## Exercise brief
Below are some records. Repeat exactly the lines from the one containing "Some of the text" through the final line.

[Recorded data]
=== Begin Enclosure ===
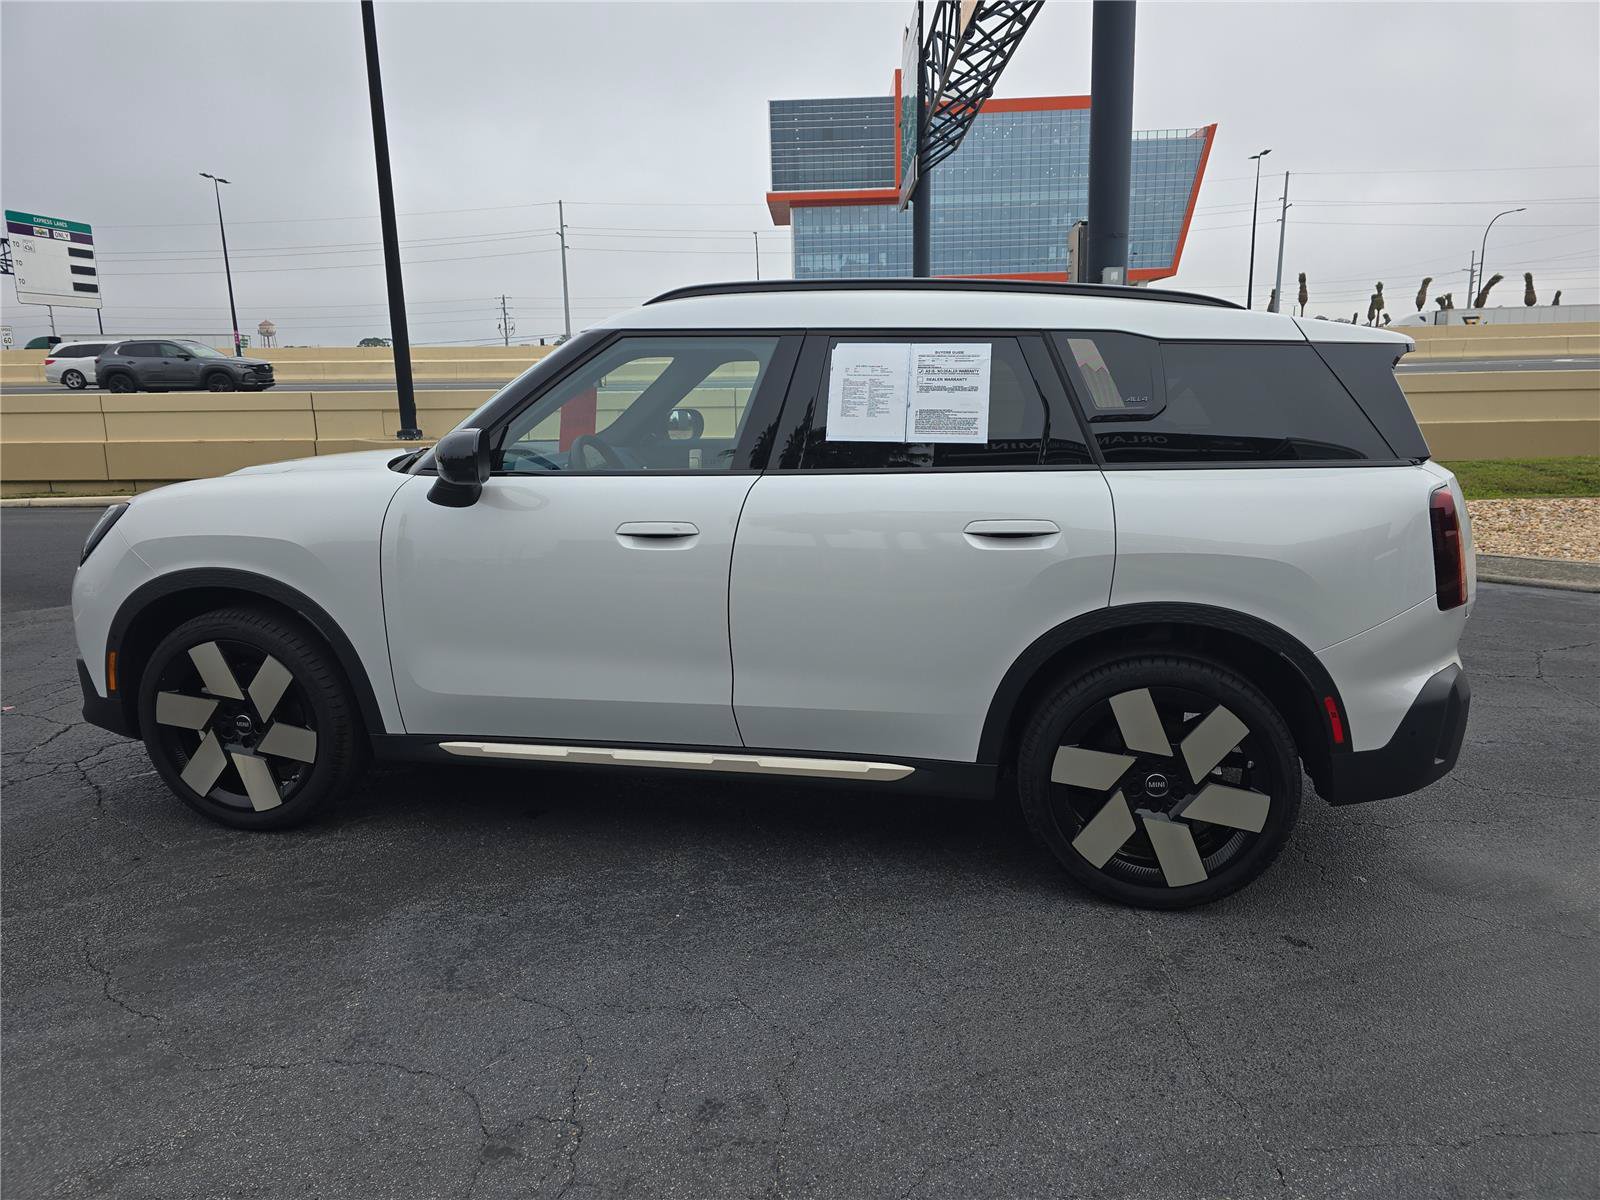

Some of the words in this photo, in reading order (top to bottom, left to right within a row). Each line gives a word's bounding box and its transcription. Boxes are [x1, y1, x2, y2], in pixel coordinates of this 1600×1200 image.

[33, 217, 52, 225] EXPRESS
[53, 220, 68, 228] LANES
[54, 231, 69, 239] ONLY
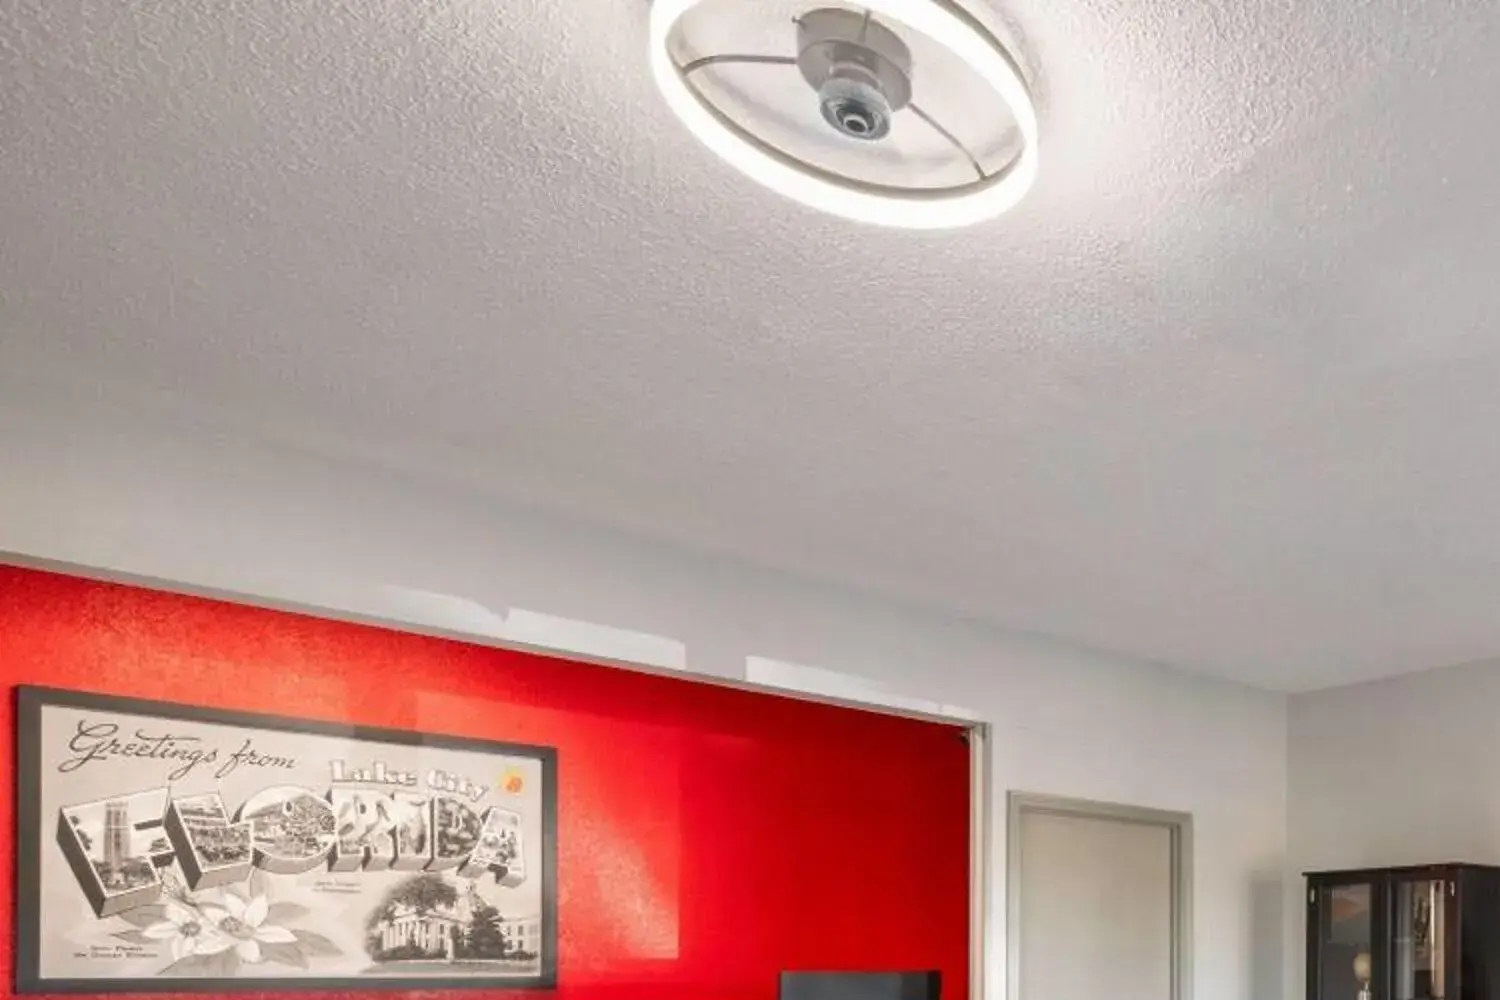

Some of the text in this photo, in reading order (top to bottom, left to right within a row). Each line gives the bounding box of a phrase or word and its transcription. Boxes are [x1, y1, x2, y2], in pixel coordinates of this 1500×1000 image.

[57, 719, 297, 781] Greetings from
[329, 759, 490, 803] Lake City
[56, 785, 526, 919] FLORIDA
=== End Enclosure ===
## Finished task
Some of the text in this photo, in reading order (top to bottom, left to right within a row). Each line gives the bounding box of a phrase or word and its transcription. Boxes are [x1, y1, x2, y2], in pixel coordinates of this 1500×1000 image.

[57, 719, 297, 781] Greetings from
[329, 759, 490, 803] Lake City
[56, 785, 526, 919] FLORIDA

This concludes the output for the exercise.